Targeted ablation of specific brain region(s) by infusion of an excitotoxin using stereotaxic coordinates is described. This technique could also be adapted for infusion of other chemicals into the rat brain.
Many behavioral functions in mammals, including rodents and humans, are mediated principally by discrete brain regions. A common method for discerning the function of various brain regions for behavior or other experimental outcomes is to implement a localized ablation of function. In humans, patient populations with localized brain lesions are often studied for deficits, in hopes of revealing the underlying function of the damaged area.

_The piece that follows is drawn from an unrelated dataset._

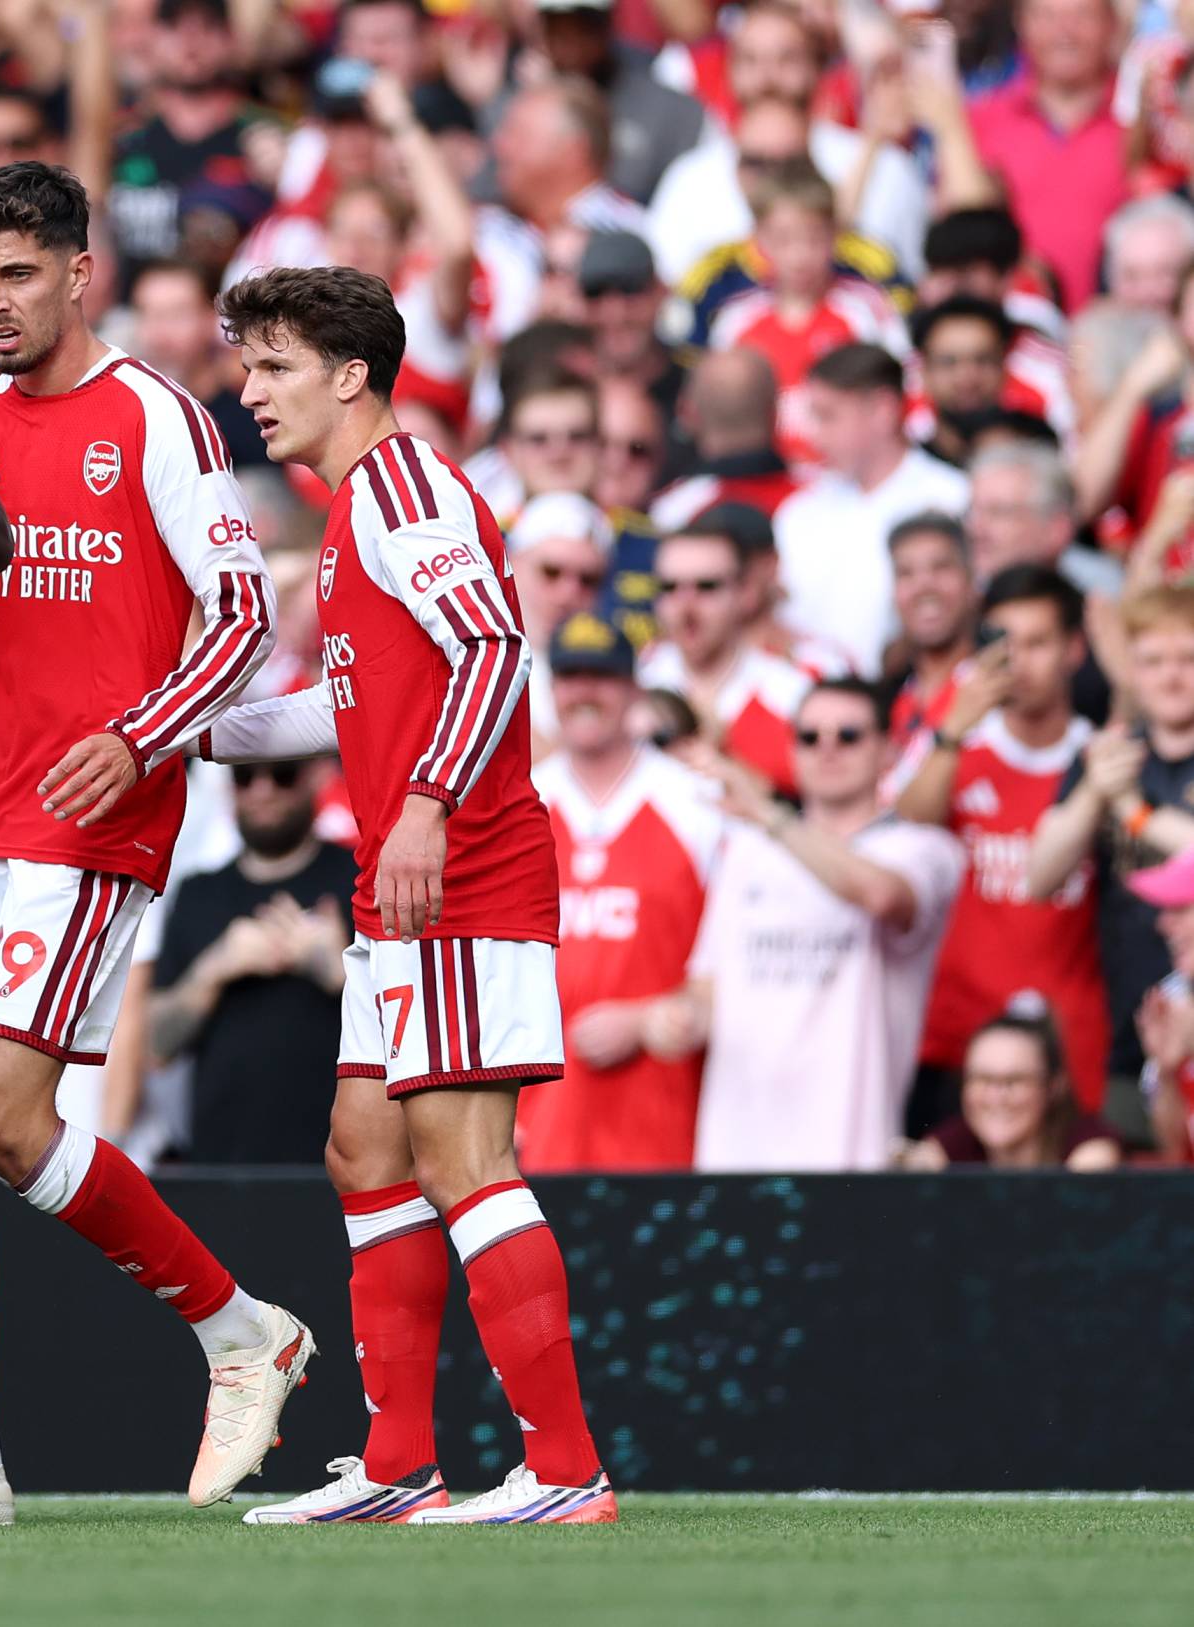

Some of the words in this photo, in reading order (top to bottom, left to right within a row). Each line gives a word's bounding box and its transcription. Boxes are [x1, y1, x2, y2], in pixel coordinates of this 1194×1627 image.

In rodents, one can experimentally induce lesions of specific brain regions.
Lesion can be accomplished in several ways. Electrolytic lesions can cause localized damage but will damage a variety of cell types as well as traversing fibers from other brain regions that happen to be near the lesion site. Inducible genetic techniques using cell-type specific promoters may also enable site-specific targeting. These techniques are complex and not always practical depending on the target brain area. Excitotoxic lesion using stereotaxic surgery, by contrast, is one of the most reliable and practical methods of lesioning excitatory neurons without damaging local glial cells or traversing fibers.
Here, we present a protocol for stereotaxic infusion of the excitotoxin, N-methyl-D-aspartate (NMDA), into the basolateral amygdala complex. Using anatomical indications, we apply stereotaxic coordinates to determine the location of our target brain region and lower an injection needle in place just above the target. We then infuse our excitotoxin into the brain, resulting in excitotoxic death of nearby neurons. While our experimental subject of choice is a rat, the same methods can be applied to other mammals, with the appropriate adjustments in equipment and coordinates.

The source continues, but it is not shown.